Hwang Kyu-Baek, Kong Sek Won, Greenberg Steve A, Park Peter J
School of Computer Science and Engineering, Seoul National University, Seoul 151-742, Korea.
BMC Bioinformatics. 2004 Oct 25;5:159. doi: 10.1186/1471-2105-5-159.
One of the important challenges in microarray analysis is to take full advantage of previously accumulated data, both from one's own laboratory and from public repositories. Through a comparative analysis on a variety of datasets, a more comprehensive view of the underlying mechanism or structure can be obtained. However, as we discover in this work, continual changes in genomic sequence annotations and probe design criteria make it difficult to compare gene expression data even from different generations of the same microarray platform.
We first describe the extent of discordance between the results derived from two generations of Affymetrix oligonucleotide arrays, as revealed in cluster analysis and in identification of differentially expressed genes. We then propose a method for increasing comparability. The dataset we use consists of a set of 14 human muscle biopsy samples from patients with inflammatory myopathies that were hybridized on both HG-U95Av2 and HG-U133A human arrays. We find that the use of the probe set matching table for comparative analysis provided by Affymetrix produces better results than matching by UniGene or LocusLink identifiers but still remains inadequate. Rescaling of expression values for each gene across samples and data filtering by expression values enhance comparability but only for few specific analyses. As a generic method for improving comparability, we select a subset of probes with overlapping sequence segments in the two array types and recalculate expression values based only on the selected probes.

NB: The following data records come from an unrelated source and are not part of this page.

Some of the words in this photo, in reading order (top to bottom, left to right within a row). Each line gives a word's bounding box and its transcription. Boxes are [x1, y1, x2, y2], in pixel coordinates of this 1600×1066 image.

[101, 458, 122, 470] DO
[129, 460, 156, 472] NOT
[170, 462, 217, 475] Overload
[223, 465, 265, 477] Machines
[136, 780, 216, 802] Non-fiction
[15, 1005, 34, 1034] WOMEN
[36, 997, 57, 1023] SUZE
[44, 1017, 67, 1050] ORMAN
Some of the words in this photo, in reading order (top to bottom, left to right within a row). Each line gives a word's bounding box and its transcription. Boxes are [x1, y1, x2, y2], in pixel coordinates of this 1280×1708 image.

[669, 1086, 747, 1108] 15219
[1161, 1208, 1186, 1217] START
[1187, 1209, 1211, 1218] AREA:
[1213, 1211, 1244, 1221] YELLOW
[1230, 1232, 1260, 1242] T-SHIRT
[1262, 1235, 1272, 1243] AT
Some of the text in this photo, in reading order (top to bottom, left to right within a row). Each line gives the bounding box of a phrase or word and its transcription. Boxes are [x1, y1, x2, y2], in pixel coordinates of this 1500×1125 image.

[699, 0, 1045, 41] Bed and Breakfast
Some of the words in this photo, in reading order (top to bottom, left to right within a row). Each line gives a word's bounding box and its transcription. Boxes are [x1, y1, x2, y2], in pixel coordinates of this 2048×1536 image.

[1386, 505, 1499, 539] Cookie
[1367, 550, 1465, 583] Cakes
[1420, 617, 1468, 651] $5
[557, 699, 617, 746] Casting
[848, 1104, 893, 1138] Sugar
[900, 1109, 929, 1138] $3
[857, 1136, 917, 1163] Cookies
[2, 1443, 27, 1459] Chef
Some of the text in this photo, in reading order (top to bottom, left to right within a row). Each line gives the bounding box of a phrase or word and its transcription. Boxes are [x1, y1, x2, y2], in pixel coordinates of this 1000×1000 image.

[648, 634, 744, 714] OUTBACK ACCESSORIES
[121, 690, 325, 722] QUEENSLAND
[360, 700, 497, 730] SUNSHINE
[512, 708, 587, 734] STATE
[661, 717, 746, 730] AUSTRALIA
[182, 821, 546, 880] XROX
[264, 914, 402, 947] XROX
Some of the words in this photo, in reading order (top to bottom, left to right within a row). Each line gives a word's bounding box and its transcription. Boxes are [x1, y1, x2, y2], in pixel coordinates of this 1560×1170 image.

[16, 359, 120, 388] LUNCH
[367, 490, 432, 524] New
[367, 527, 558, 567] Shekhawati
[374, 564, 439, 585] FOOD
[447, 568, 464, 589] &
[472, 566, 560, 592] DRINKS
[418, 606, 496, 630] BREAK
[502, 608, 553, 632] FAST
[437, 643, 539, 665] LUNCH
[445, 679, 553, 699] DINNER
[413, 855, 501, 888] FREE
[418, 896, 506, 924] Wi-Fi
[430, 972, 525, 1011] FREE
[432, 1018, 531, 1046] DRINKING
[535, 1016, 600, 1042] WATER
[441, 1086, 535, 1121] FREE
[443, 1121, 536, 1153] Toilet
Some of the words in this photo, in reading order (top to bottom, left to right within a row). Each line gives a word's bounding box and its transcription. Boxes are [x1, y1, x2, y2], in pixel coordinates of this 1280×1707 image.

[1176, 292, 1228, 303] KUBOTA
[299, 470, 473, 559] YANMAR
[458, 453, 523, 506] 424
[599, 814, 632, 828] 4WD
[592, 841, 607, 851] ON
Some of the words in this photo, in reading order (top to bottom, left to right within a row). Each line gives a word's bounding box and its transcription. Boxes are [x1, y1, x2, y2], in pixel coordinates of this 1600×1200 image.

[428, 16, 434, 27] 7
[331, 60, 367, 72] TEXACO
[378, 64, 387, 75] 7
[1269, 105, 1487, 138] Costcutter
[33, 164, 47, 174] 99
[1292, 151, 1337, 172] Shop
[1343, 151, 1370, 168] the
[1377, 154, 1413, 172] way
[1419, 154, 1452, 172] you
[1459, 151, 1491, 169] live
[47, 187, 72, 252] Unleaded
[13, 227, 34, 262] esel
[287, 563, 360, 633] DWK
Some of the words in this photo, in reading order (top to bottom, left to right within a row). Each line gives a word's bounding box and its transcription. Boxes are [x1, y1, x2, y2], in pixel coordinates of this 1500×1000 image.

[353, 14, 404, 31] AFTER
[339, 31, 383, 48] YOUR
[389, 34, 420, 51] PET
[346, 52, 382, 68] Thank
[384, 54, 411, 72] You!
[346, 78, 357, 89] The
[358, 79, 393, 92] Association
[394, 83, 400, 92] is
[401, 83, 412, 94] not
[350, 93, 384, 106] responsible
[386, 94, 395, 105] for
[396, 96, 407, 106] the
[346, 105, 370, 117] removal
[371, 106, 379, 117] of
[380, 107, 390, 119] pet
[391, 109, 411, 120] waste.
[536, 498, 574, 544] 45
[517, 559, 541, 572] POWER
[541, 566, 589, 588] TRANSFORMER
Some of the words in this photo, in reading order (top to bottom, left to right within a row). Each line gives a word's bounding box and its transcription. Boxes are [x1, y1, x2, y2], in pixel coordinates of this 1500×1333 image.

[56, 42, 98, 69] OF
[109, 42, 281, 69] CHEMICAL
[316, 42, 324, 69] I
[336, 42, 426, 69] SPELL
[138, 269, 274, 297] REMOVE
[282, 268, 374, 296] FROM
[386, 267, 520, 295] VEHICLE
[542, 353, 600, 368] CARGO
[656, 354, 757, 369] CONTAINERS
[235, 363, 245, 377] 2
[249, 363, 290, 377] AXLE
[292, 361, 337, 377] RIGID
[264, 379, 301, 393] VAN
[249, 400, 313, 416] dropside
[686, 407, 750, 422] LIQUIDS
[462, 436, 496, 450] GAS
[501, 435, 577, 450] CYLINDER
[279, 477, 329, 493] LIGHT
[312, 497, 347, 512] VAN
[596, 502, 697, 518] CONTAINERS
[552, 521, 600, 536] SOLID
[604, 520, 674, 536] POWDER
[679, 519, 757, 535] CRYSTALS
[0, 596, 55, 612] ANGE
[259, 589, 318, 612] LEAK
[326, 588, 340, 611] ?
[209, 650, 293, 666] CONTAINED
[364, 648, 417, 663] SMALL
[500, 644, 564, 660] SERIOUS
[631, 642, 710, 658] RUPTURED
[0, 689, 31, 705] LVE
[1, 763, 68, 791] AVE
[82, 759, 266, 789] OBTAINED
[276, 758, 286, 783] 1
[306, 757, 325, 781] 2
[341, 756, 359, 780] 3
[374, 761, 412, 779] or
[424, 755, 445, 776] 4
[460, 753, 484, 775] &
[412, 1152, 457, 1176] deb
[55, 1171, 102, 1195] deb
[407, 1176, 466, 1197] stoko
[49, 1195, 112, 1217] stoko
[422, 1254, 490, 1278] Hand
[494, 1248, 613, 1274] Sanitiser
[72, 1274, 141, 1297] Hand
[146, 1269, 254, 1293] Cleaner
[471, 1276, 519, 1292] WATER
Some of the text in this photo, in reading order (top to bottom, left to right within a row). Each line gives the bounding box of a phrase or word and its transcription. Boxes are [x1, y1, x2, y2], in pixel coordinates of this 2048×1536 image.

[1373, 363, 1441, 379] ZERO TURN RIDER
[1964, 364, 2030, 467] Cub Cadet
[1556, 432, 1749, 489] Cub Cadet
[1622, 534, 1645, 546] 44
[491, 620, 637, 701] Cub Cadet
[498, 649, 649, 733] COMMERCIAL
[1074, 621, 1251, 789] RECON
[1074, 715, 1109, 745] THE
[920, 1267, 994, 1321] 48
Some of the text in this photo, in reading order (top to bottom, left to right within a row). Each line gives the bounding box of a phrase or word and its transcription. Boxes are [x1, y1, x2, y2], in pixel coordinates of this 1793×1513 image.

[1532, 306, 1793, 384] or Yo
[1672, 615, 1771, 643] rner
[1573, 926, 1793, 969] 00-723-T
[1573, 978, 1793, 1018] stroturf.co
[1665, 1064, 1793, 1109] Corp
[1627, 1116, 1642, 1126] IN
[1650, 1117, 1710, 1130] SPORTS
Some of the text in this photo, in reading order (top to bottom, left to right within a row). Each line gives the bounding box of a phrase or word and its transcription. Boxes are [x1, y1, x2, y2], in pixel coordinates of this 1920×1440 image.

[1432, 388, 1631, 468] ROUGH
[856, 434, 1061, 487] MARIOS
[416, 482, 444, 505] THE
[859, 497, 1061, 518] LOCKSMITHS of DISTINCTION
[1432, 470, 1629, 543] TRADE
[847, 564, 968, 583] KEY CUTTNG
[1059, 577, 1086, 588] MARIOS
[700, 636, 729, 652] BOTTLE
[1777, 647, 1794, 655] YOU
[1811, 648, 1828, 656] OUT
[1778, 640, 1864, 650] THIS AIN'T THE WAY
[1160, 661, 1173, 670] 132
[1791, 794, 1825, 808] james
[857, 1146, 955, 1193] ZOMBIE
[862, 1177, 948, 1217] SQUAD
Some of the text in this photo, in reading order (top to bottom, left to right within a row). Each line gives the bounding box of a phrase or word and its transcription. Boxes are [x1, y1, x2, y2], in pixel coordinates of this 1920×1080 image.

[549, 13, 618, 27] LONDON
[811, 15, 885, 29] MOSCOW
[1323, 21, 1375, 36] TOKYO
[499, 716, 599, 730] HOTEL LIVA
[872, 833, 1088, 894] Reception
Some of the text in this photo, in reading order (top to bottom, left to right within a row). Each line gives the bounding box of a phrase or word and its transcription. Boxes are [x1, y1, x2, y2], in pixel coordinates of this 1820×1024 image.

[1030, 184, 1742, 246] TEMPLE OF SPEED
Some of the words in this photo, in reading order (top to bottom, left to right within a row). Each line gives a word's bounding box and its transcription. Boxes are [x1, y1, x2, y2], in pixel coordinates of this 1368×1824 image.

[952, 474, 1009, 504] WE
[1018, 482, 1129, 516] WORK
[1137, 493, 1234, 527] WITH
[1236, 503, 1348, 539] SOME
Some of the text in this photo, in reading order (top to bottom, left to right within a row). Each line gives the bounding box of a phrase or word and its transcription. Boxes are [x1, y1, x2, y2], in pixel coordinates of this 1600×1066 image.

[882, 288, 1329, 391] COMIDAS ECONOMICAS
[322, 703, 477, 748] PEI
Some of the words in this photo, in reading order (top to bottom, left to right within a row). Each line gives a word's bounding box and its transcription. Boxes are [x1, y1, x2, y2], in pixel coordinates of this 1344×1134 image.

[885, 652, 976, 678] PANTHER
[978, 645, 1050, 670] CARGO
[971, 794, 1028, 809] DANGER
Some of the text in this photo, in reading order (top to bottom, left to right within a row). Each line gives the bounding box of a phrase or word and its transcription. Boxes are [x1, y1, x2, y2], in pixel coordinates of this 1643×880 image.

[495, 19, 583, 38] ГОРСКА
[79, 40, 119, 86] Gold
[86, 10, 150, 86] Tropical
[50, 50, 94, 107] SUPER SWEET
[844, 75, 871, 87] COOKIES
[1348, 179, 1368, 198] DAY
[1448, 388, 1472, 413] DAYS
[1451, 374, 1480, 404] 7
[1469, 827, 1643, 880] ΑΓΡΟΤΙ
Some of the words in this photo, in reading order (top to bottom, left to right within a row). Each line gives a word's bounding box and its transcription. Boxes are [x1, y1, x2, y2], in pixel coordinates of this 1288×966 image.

We show that this filtering of probes significantly improves the comparability while retaining a sufficient number of probe sets for further analysis.
Compatibility between high-density oligonucleotide arrays is significantly affected by probe-level sequence information. With a careful filtering of the probes based on their sequence overlaps, data from different generations of microarrays can be combined more effectively.
微阵列分析中的一个重要挑战是充分利用先前积累的数据,这些数据既来自自己的实验室,也来自公共数据库。通过对各种数据集进行比较分析,可以更全面地了解潜在的机制或结构。然而,正如我们在这项工作中所发现的,基因组序列注释和探针设计标准的不断变化使得即使是来自同一微阵列平台不同代次的基因表达数据也难以进行比较。
我们首先描述了在聚类分析和差异表达基因鉴定中所揭示的两代Affymetrix寡核苷酸阵列结果之间的不一致程度。然后我们提出了一种提高可比性的方法。我们使用的数据集包括一组来自炎性肌病患者的14个人类肌肉活检样本,这些样本在HG-U95Av2和HG-U133A人类阵列上进行了杂交。我们发现,使用Affymetrix提供的探针集匹配表进行比较分析比通过UniGene或LocusLink标识符进行匹配产生的结果更好,但仍然不够。对每个基因在样本间的表达值进行重新缩放以及按表达值进行数据过滤可提高可比性,但仅适用于少数特定分析。作为一种提高可比性的通用方法,我们在两种阵列类型中选择具有重叠序列片段的探针子集,并仅基于所选探针重新计算表达值。我们表明,这种探针过滤显著提高了可比性,同时保留了足够数量的探针集用于进一步分析。
高密度寡核苷酸阵列之间的兼容性受到探针水平序列信息的显著影响。通过基于序列重叠仔细过滤探针,可以更有效地组合来自不同代次微阵列的数据。